Saved data entries
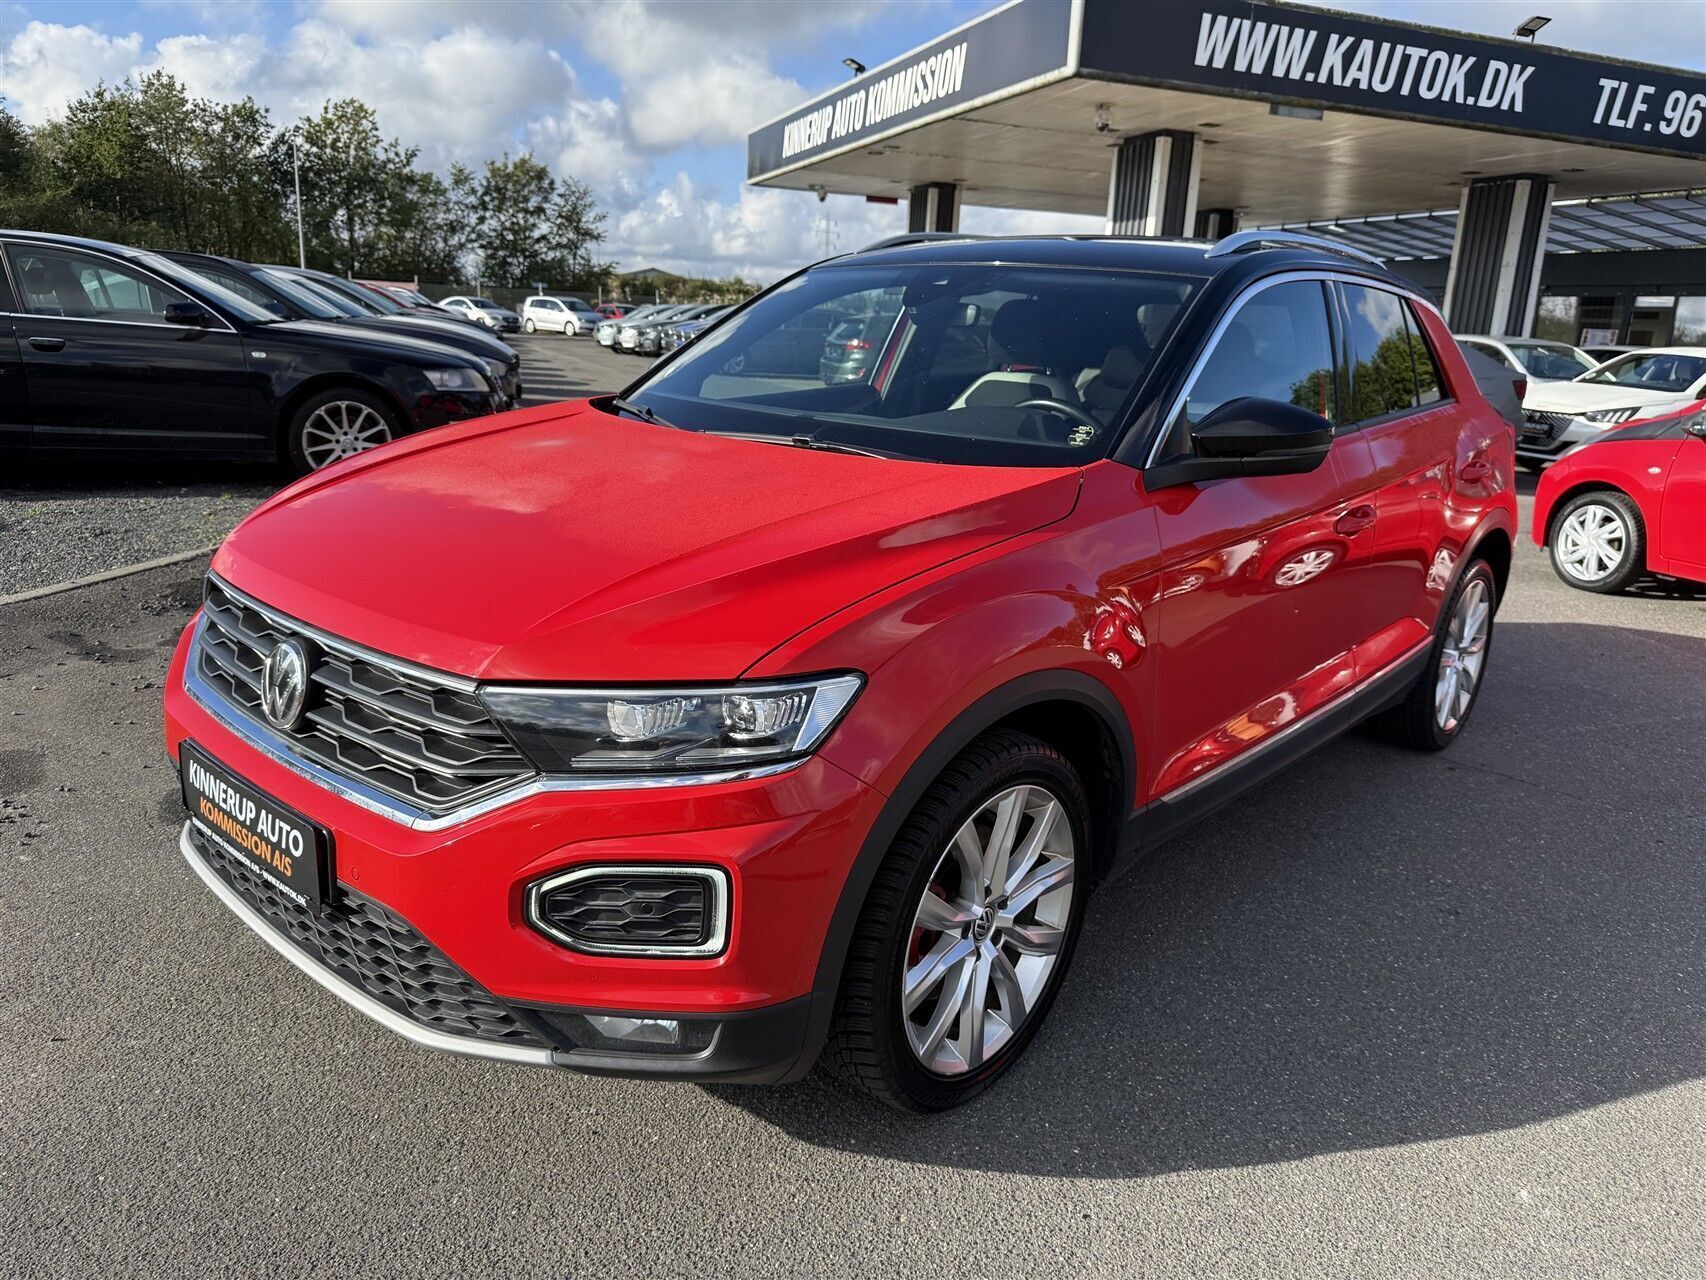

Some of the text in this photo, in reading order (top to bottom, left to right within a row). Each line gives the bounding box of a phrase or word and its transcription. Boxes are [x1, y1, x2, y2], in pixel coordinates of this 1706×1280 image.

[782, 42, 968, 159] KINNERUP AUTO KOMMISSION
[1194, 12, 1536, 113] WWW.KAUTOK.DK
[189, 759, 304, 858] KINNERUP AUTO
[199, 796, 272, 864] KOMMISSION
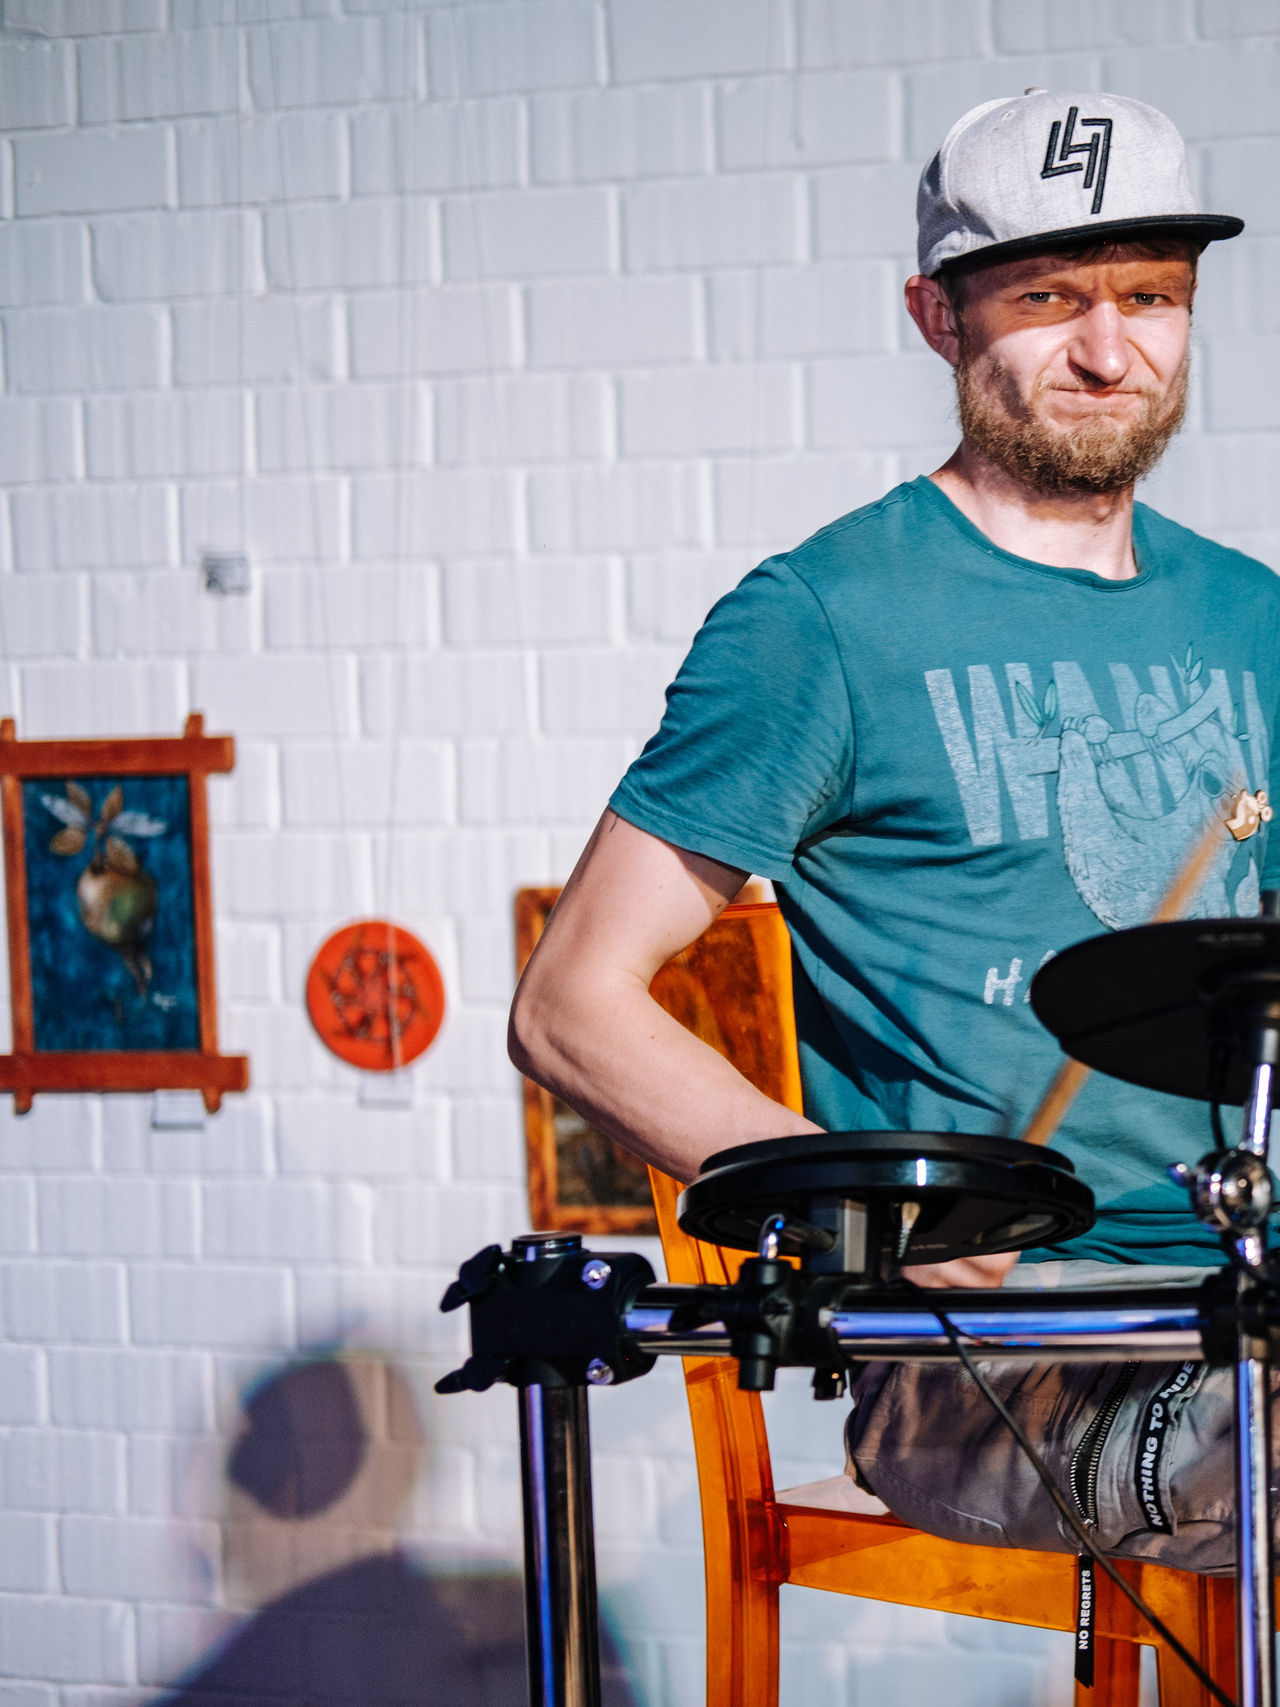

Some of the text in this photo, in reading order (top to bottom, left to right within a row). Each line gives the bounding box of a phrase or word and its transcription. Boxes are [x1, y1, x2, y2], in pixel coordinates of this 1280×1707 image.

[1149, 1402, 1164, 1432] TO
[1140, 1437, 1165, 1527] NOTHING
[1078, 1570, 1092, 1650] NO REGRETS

* Your objective
Reproduce exactly the lines from the one containing "this 1280×1707 image." through the last line of the records above, including both, and nothing else.

* Solution below
Some of the text in this photo, in reading order (top to bottom, left to right within a row). Each line gives the bounding box of a phrase or word and its transcription. Boxes are [x1, y1, x2, y2], in pixel coordinates of this 1280×1707 image.

[1149, 1402, 1164, 1432] TO
[1140, 1437, 1165, 1527] NOTHING
[1078, 1570, 1092, 1650] NO REGRETS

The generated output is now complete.